─── MATERIAL SHOWN ───

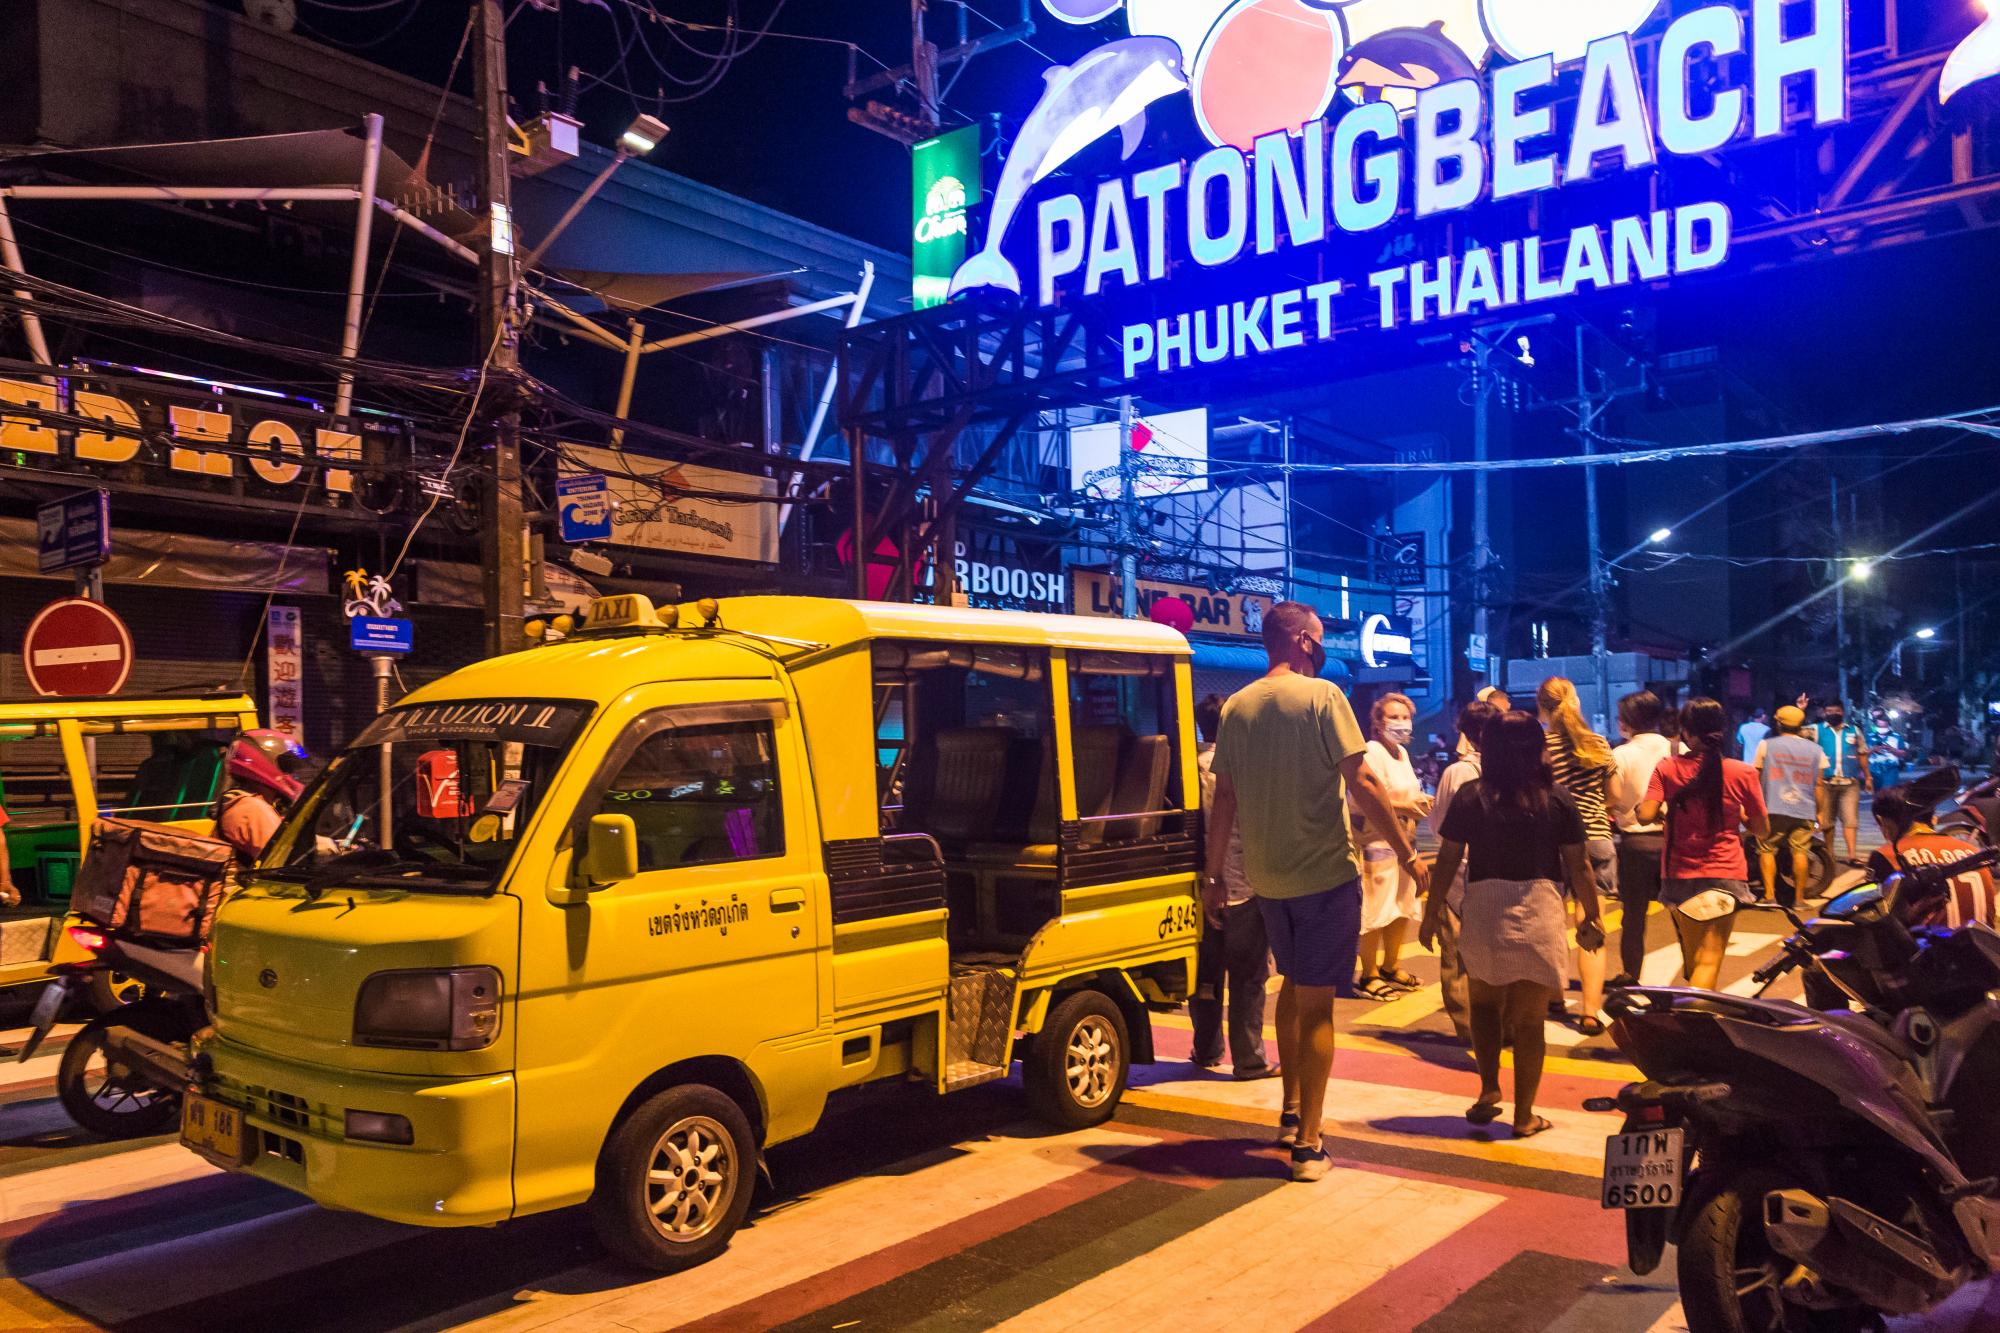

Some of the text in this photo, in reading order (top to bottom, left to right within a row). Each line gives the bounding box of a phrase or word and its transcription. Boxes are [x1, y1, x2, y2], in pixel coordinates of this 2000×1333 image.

[1122, 203, 1729, 379] PHUKET THAILAND
[169, 405, 363, 493] HOT
[591, 598, 632, 621] TAXI
[648, 893, 749, 936] เขตจังหวัดภูเก็ต
[1607, 1183, 1673, 1206] 6500
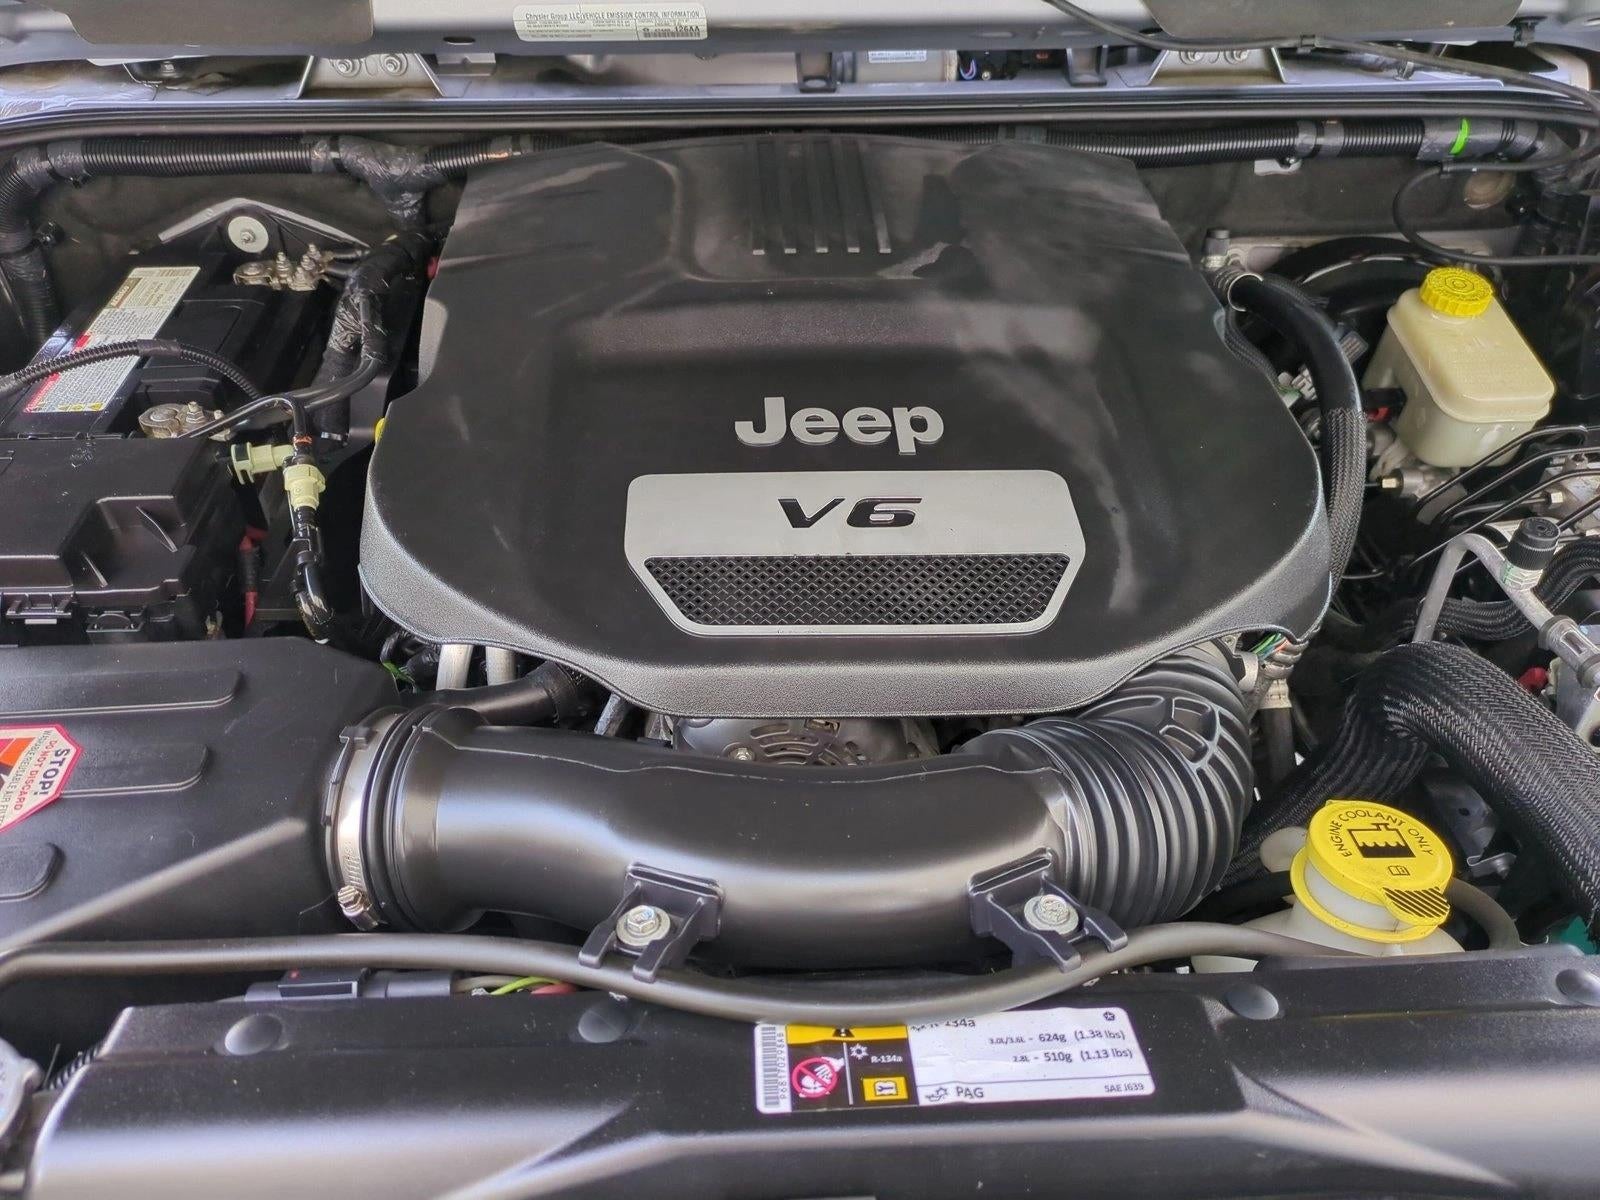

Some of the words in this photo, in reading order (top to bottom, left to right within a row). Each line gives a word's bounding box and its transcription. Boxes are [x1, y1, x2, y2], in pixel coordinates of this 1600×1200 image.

[734, 396, 945, 456] Jeep
[777, 497, 923, 529] V6
[35, 750, 49, 767] NOT
[34, 748, 70, 796] STOP!
[14, 770, 39, 811] DISCARD
[1338, 809, 1407, 827] COOLANT
[1329, 820, 1353, 858] ENGINE
[1407, 828, 1434, 856] ONLY
[1038, 1033, 1067, 1043] 624g
[1074, 1031, 1103, 1041] (1.38
[1105, 1029, 1126, 1040] lbs)
[870, 1054, 903, 1064] R-134a
[1043, 1052, 1073, 1063] 510g
[1080, 1050, 1109, 1062] (1.13
[1112, 1048, 1133, 1059] lbs)
[956, 1086, 985, 1099] PAG
[1104, 1084, 1122, 1093] SAE

───

Everything from the line containing "Some of the words" through the last line above should be set down exactly; include no other lines.

Some of the words in this photo, in reading order (top to bottom, left to right within a row). Each line gives a word's bounding box and its transcription. Boxes are [x1, y1, x2, y2], in pixel coordinates of this 1600×1200 image.

[734, 396, 945, 456] Jeep
[777, 497, 923, 529] V6
[35, 750, 49, 767] NOT
[34, 748, 70, 796] STOP!
[14, 770, 39, 811] DISCARD
[1338, 809, 1407, 827] COOLANT
[1329, 820, 1353, 858] ENGINE
[1407, 828, 1434, 856] ONLY
[1038, 1033, 1067, 1043] 624g
[1074, 1031, 1103, 1041] (1.38
[1105, 1029, 1126, 1040] lbs)
[870, 1054, 903, 1064] R-134a
[1043, 1052, 1073, 1063] 510g
[1080, 1050, 1109, 1062] (1.13
[1112, 1048, 1133, 1059] lbs)
[956, 1086, 985, 1099] PAG
[1104, 1084, 1122, 1093] SAE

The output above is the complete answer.